The possible effects-scenarios of early (0-6 months of age) exposure to antibiotics:
- Antibiotics temporarily decrease the bacterial diversity, without affecting the species critical for immune development so the immune system develops normally. On the other hand, the microbial community does not recover completely post-antibiotics and it gains a new state with altered microbial composition and altered metabolic capabilities. As a result, it could lead to obesity. From the animal studies we know that the exposure to sub-therapeutic levels of antibiotics increases adiposity, or fat accumulation. This is one of the reasons why livestock have been fed low doses of antibiotics to increase their body mass.
- Antibiotics eliminate the key bacterial species during a critical window of the immune system development, leading to its maturation impairment. During the post-antibiotic recovery the key members of the gut microbiome return to occupy their niches and the microbiome reaches a state of “stasis.” The returned key species let the immune system develop further. However, the immune system remains impaired. As a consequence, the immunity is compromised and may lead to allergy, atopic disorders, and autoimmune diseases. A number of studies associate early antibiotic use, especially multiple courses of broad-spectrum antibiotics, with an increased risk of allergy and atopic disorders. According to a current hypothesis, gut dysbiosis caused by the loss of key bacterial players and overgrowth of pathogens may contribute to the development of allergy, atopic diseases, and autoimmune diseases. The genetic factor is known to be involved in the etiology of autoimmune diseases. However, scientists indicate that the gut microbiome may be as well an important player. There are results to suggest that early exposure to multiple antibiotic courses may increase the risk of juvenile rheumatoid arthritis and inflammatory bowel syndrome. In addition, animal studies showed that exposure to antibiotics led to alterations in the gut microbiome and the loss of keystone species, eventually affecting the immune system.
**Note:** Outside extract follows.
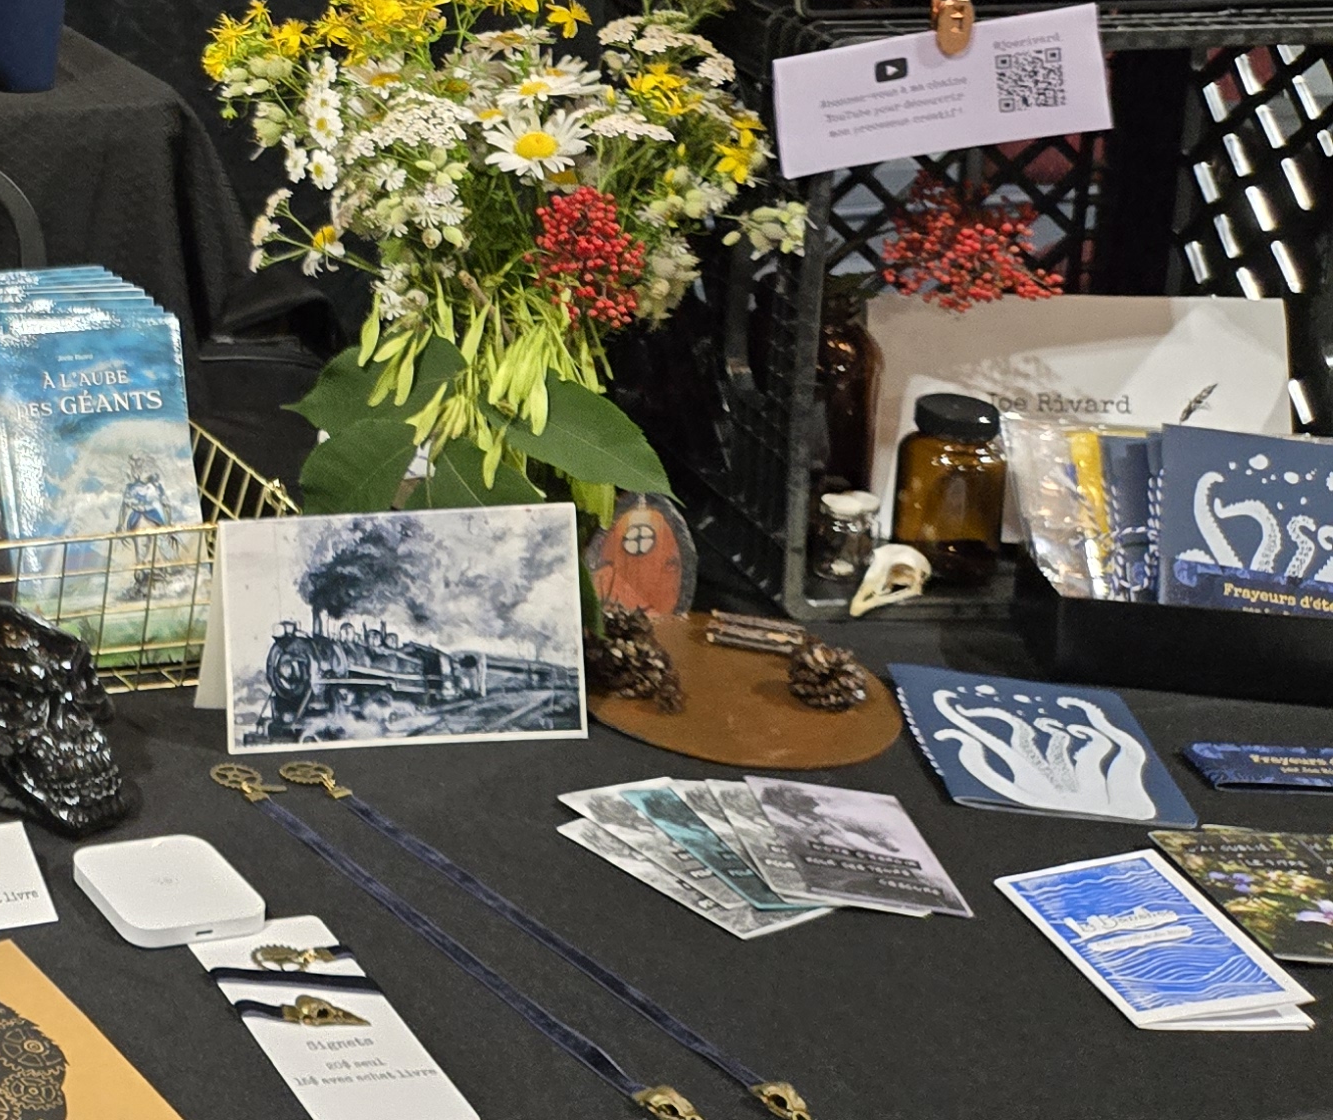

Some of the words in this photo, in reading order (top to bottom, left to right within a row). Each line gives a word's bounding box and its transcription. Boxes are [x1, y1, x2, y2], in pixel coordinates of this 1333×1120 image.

- Antibiotics decrease the microbial diversity within the gut and at the same time create a niche for pathogens. The gut is “on fire”: the gut epithelium is inflamed, the pathogens begin to thrive, predisposing to chronic infections. Thus, exposure to antibiotics may cause an increased vulnerability to infections during the post-antibiotic recovery period. Studies with pre-term infants suffering from necrotizing enterocolitis associated this condition with prior-antibiotic use. Clostridium difficile infection in adults is a classic example of the post-antibiotic loss of microbial gut diversity and subsequent pathogenic colonization. It is also known that antibiotic-induced dysbiosis increases the risk of fungus infection, such as Candida albicans. In addition, the post-antibiotic effect has been linked with impaired immunity against the influenza virus.
Summing-up, there are four post-antibiotic types of dysbiosis proposed currently: loss of keystone species, loss of microbial diversity, alterations in metabolic capacity, and blooms of pathogens.
Hopefully, these findings will fuel further research on the post-antibiotic health consequences and will improve antibiotic prescription protocols. For example, doctors should select narrow-spectrum antibiotics to target only designated bacteria based on proper diagnostics.
Lastly, I would like to encourage everyone to read an inspiring book of Dr. Martin Blaser: Missing microbes – how the overuse of antibiotics is fueling our modern plagues. The author will make you rethink the current concept of fighting infections, will make you cherish and appreciate your microbiome and will make you think twice before giving your child antibiotics.